What impact, if any, does the 7 December 2020 Correspondence have on the reasonableness of the decision-making process?

  1. [54]
    In her reply submissions, Ms Narbeth referred to and annexed the 7 December 2020 Correspondence which had not been previously provided up until that point.[52] Ms Narbeth makes the following submissions:[53]
  • At the time of the 7 December 2020 Correspondence, "the Respondent was aware of the nature of the concerns ultimately put to the Appellant in a discipline process but made the decision to manage the matter via a less formal approach."
  • In the 7 December 2020 Correspondence, the Respondent did not put specific allegations to the Appellant, nor provide particulars to support their concerns - including in relation to the relationship between the Patient and the son of Ms Narbeth's work colleague.
  • Ms Narbeth did not provide a detailed response to the Respondent at that time because of the lack of evidence presented.
  • The Respondent failed to commence a disciplinary process after receiving the CCC assessment and after "having audited the access of the Appellant to a patient's records" which indicates "the Respondent had made the decision that this matter did not meet the threshold required to commence a disciplinary process and was therefore not a serious disciplinary matter."
  1. [55]
    Having reviewed the 7 December 2020 Correspondence, I observe that Mr Franettovich referred Ms Narbeth to the subject of the correspondence, being he is "in receipt of information that suggests you have inappropriately accessed medical records of a patient, namely [the Patient]."[54] He then refers to and annexes the ieMR record log and lists the occasions on which the inappropriate access was indicated.
  1. [56]
    Relevantly, the 7 December 2020 Correspondence states:

I understand that [the Patient] is a former domestic partner of [Mr X] and that there is a child or children of the relationship, of which your friend and colleague, [the Colleague], is grandmother.
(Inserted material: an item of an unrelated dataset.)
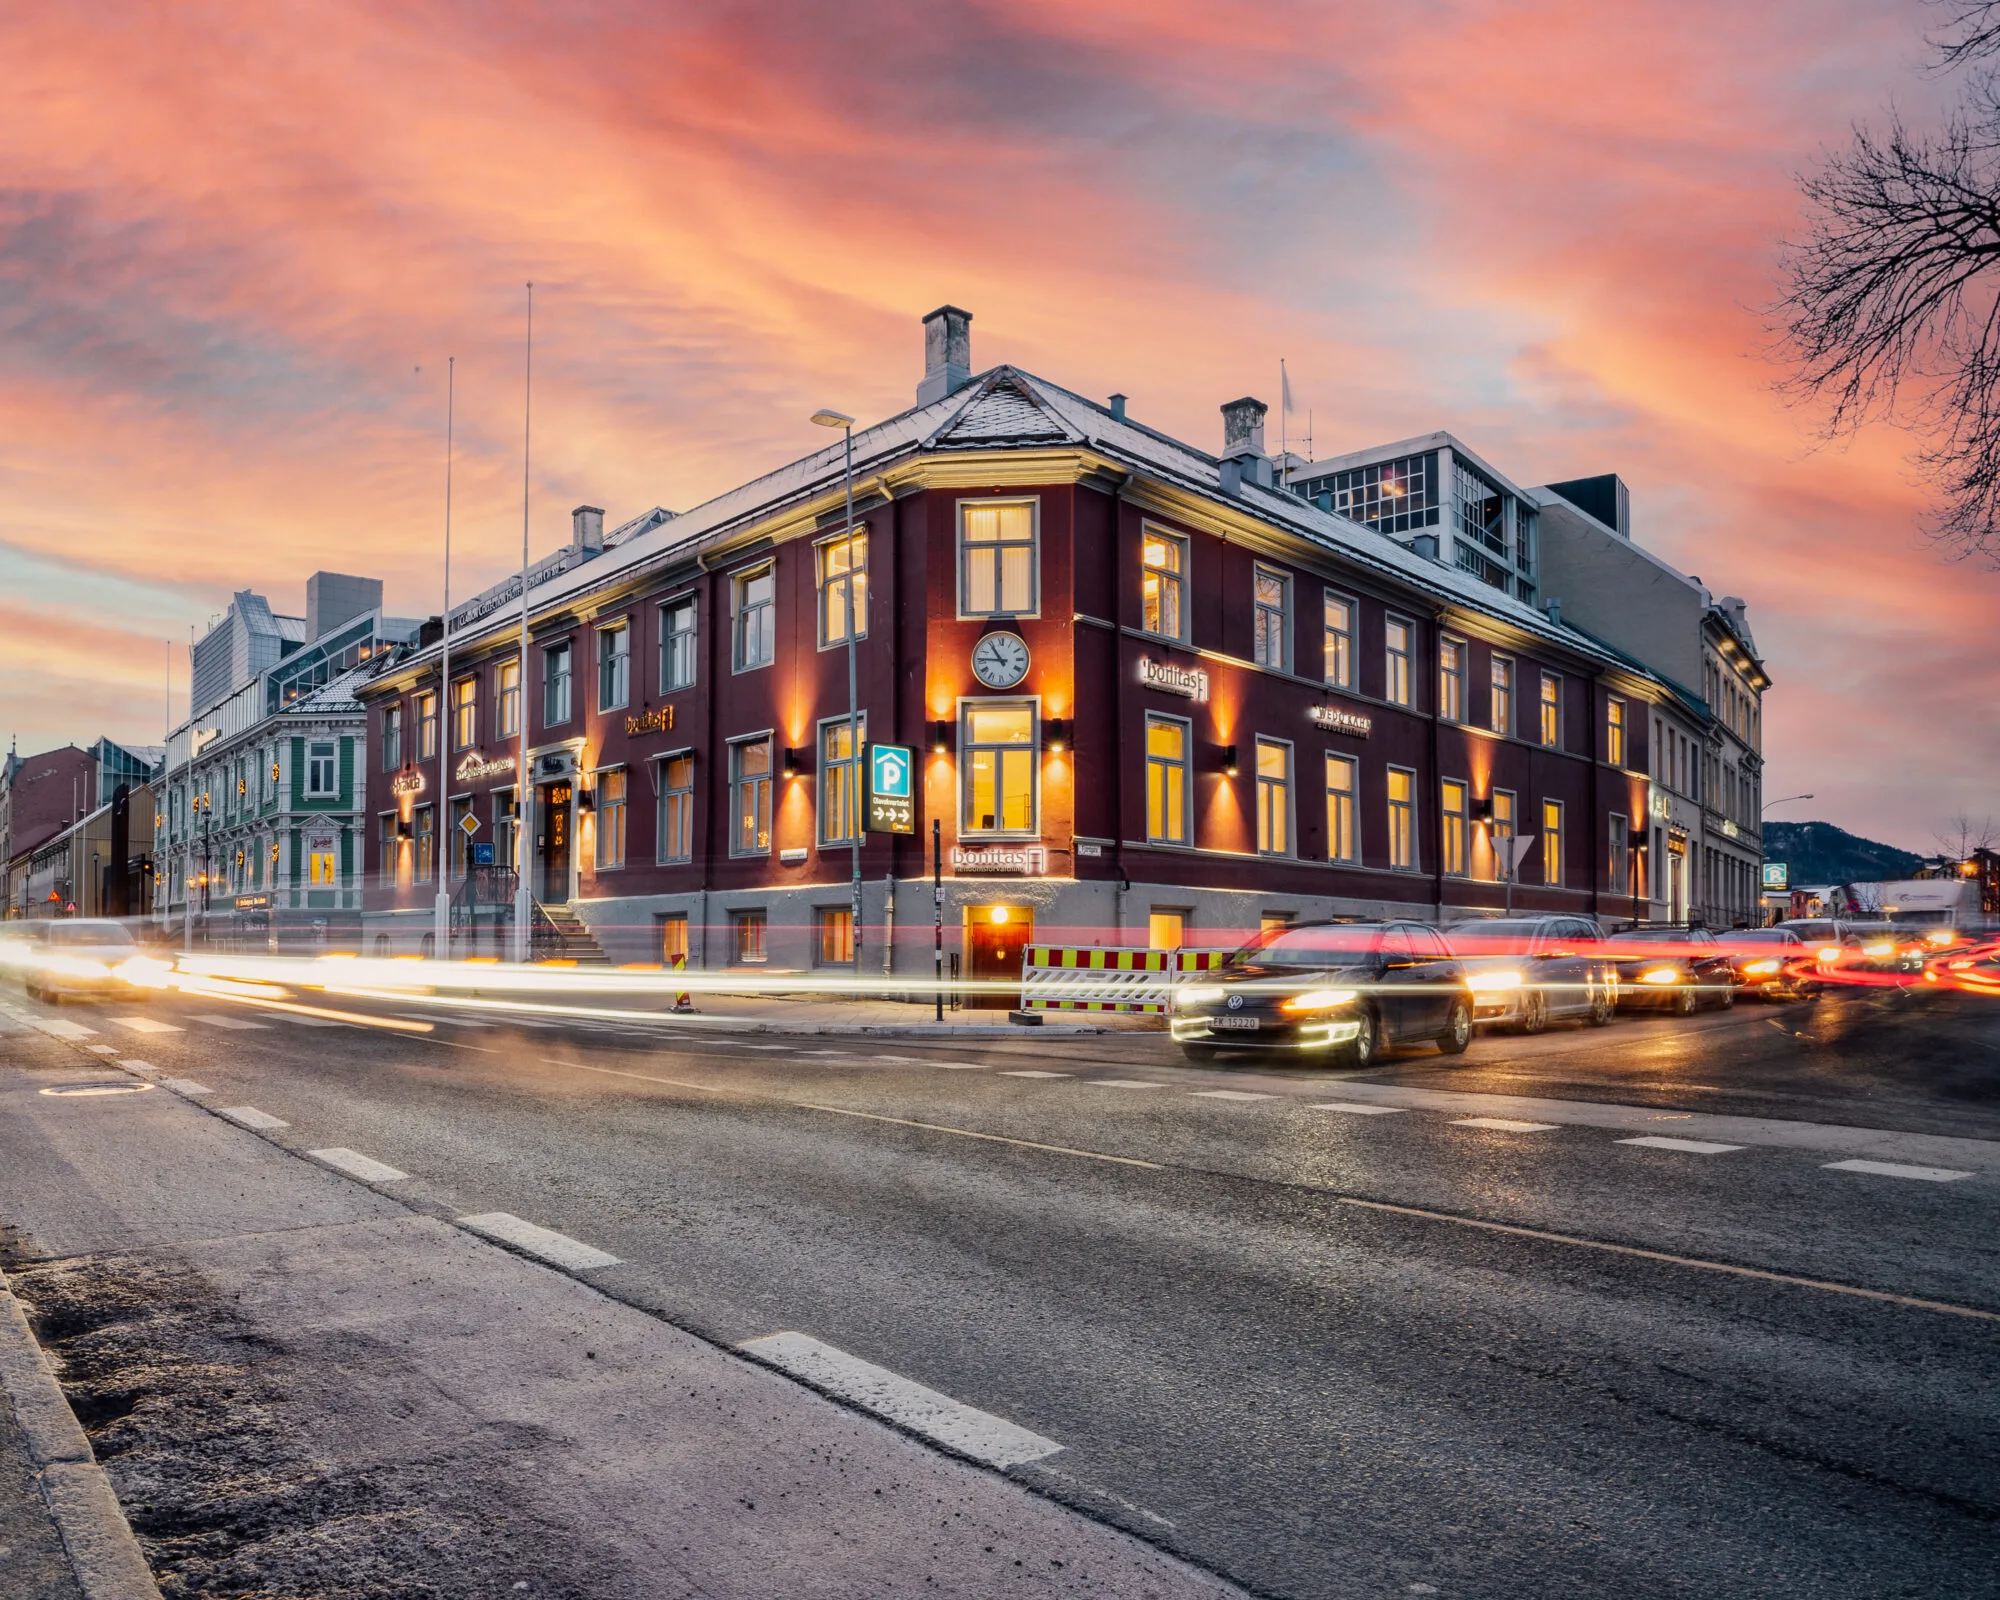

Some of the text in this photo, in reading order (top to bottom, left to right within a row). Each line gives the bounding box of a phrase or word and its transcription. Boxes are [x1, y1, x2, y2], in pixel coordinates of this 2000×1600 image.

[883, 762, 901, 791] P
[953, 848, 1025, 864] bonitas
[1228, 1018, 1256, 1028] 15220
I am concerned there may not be a genuine work-related reason for the above access, and that your conduct may not meet the standards of professional conduct as set out in the Code of Conduct for the Queensland Public Service and Public Sector Ethics Act 1994 (Qld). It may also constitute a breach of clause 3.1 of MHHS policy 'Access to Patient Integrated Electronic Medical Records (ieMR) Document ID: C-PRO 538 V1.0' (copy enclosed).
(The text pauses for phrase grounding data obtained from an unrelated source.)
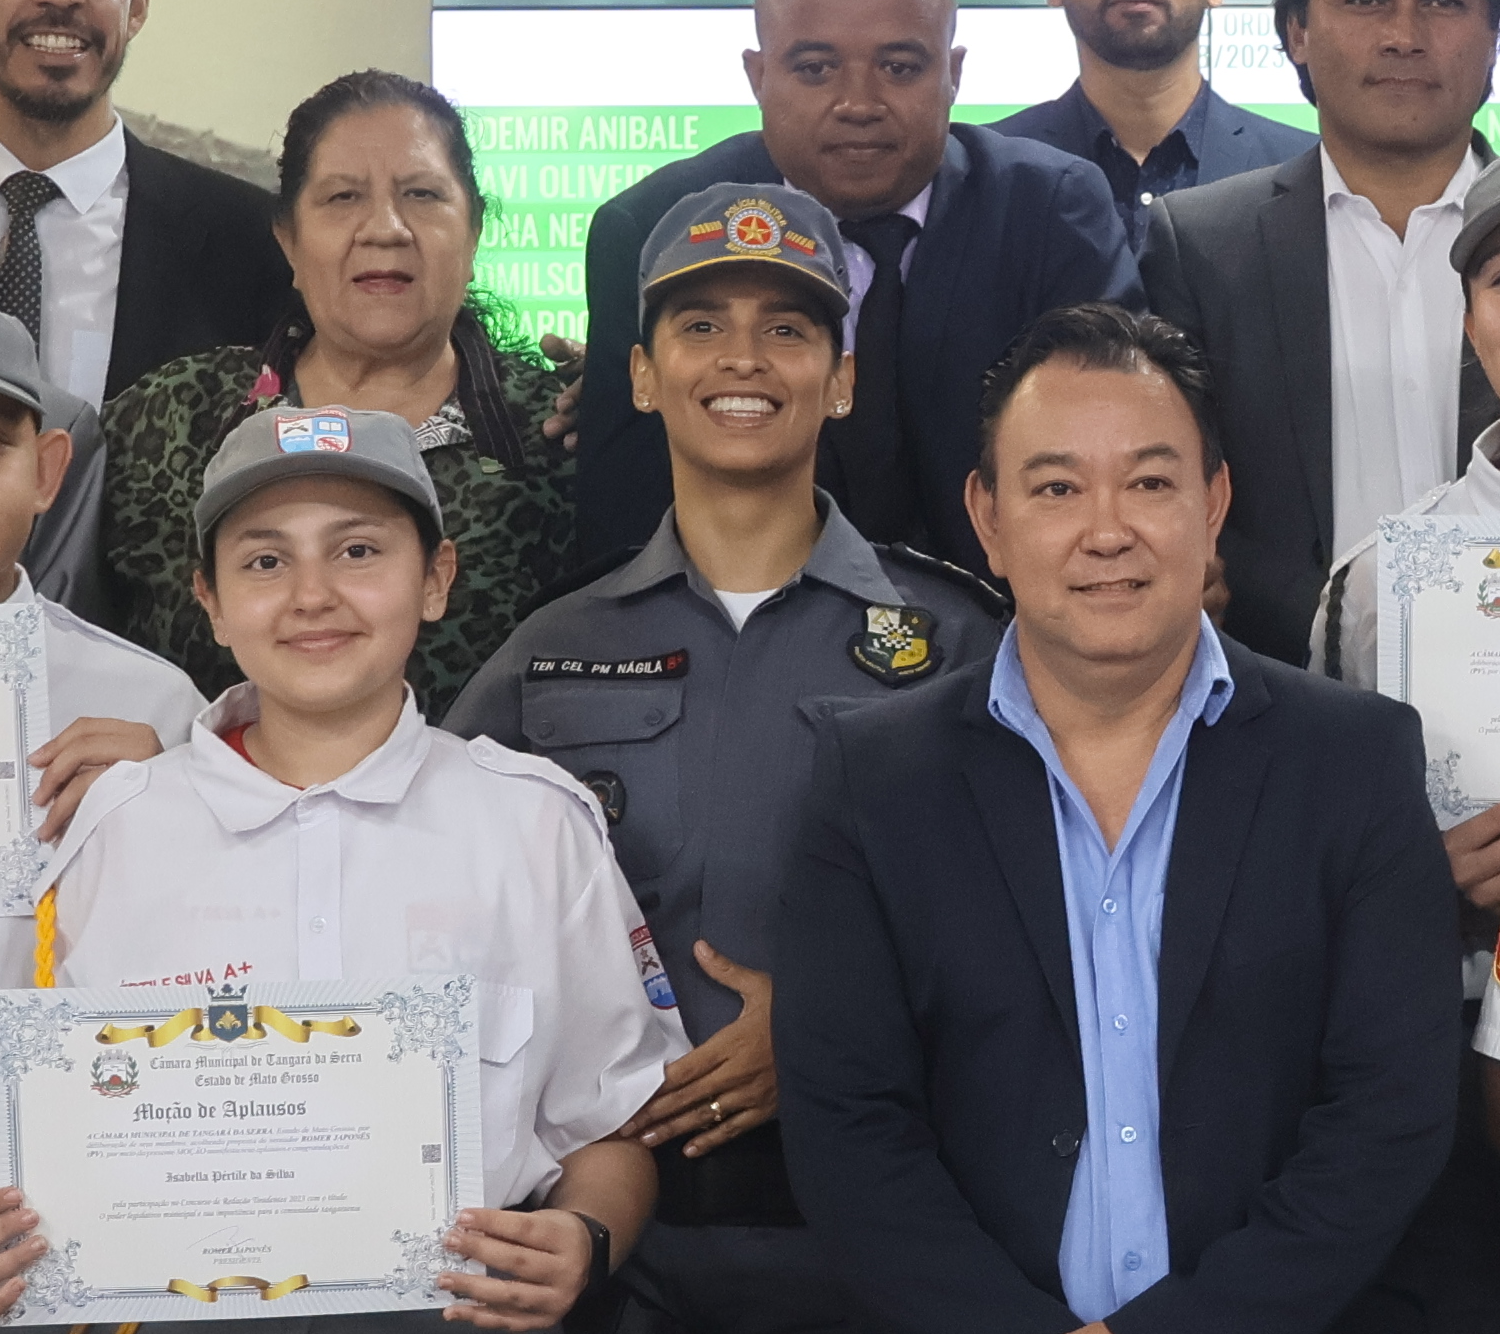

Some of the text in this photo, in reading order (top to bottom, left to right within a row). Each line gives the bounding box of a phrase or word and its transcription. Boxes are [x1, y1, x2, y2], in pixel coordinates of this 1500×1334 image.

[578, 115, 699, 150] ANIBALE
[532, 661, 556, 671] TEN
[561, 660, 584, 672] CEL
[591, 664, 612, 674] PM
[616, 660, 663, 674] NÁGILA
[223, 961, 253, 980] A+
[133, 1101, 306, 1123] Moção de Aplausos
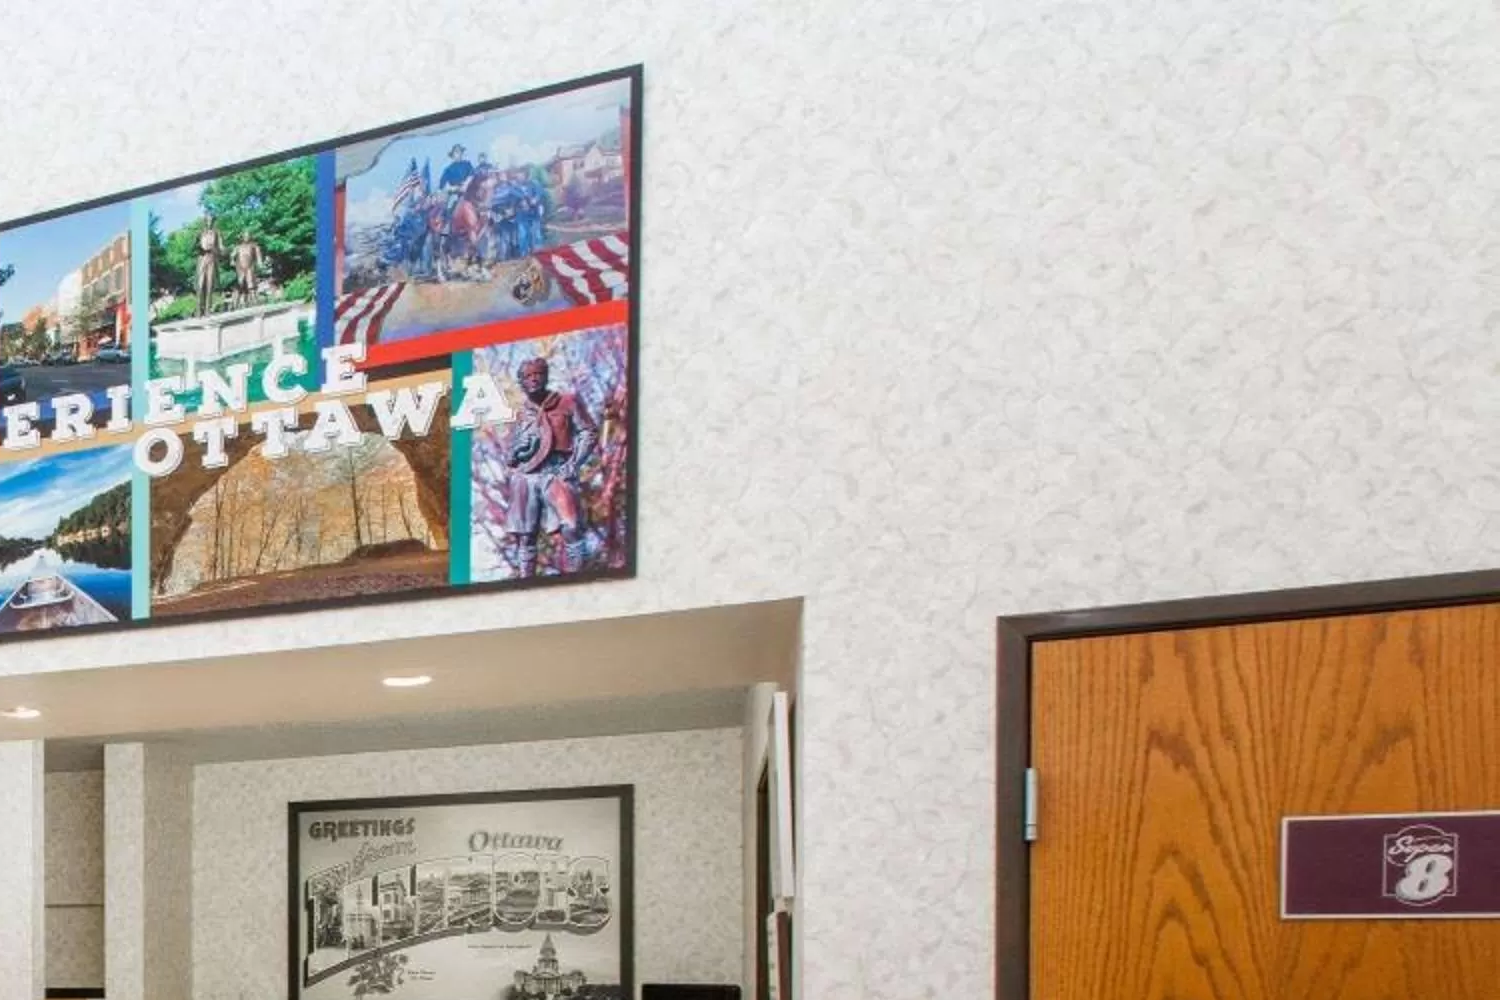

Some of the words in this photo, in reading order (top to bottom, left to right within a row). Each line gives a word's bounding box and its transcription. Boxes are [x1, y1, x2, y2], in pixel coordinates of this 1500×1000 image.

[134, 372, 517, 478] OTTAWA
[308, 816, 417, 842] GREETINGS
[467, 830, 564, 852] Ottawa
[1387, 835, 1454, 864] Super
[1395, 853, 1453, 901] 8
[303, 851, 612, 988] ILLINOIS
Before I decide how to proceed in this matter, I would like to give you an opportunity to respond. You may choose to provide me with your recollection of events and/or any information you believe is relevant to the issues raised in this letter.
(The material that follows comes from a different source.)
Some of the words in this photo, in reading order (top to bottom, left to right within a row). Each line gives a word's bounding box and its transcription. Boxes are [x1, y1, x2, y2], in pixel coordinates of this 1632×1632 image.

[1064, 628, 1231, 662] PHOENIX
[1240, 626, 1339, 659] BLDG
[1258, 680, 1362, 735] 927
I reiterate I am only considering this matter at this stage. No decision has been made as to what, if any, further action will be taken in relation to this matter. If, after considering your response I determine further action is required, I will contact you again to provide details of the further action.

  1. [57]
    In my view, the 7 December 2020 Correspondence was issued to open discussion with respect to what the ieMR records had indicated. Having conducted the ieMR audit, the Respondent reasonably put to Ms Narbeth the specific dates on which the access occurred under her login and also presented the Respondent's understanding of how the Patient may be known to Ms Narbeth. I believe at that stage the Respondent would have been prepared to informally discuss the matter in contemplation of there being a simple explanation. For example, Ms Narbeth may have responded with a list of genuine-work related reasons for the access.
  1. [58]
    As explained above, it was reasonable for the Respondent to put to Ms Narbeth that there is a link between her and the Patient through her friend and colleague. That inclusion was likely included in an attempt to jog Ms Narbeth's memory of the Patient and access to the Patient's records. Alternatively, it would have been open to Ms Narbeth to advise she was unaware of the Patient's relationship to her colleague or that in her view, Mr Franettovich's understanding of the relationship was incorrect.
  1. [59]
    The concern presented in the 7 December 2020 Correspondence is clearly that Ms Narbeth "inappropriately accessed medical records" without a "genuine work-related reason". The particulars of that concern were provided in the form of dates on which the access was said to have occurred. Ms Narbeth argues that the correspondence lacked particularity, however the facts of this case are rather simple - Ms Narbeth accessed medical records of a particular patient on particular dates without a work-related purpose. Further, it was open to Ms Narbeth to request the further particulars she believed she required.
  1. [60]
    I do not accept that the Conduct is any less serious because the Respondent determined to instigate the discussion with a less formal approach than a Show Cause Notice. Ultimately, concerns may be met with reasonable explanations and therefore a formal Show Cause Notice may not have been necessary. In this case, even after the Show Cause Notice was issued and Ms Narbeth was afforded the opportunity to respond, the Respondent still held concerns about the seriousness of the Conduct. The contention that the 7 December 2020 Correspondence suggests the Respondent had already determined the Conduct was not a "serious disciplinary matter" is baseless. 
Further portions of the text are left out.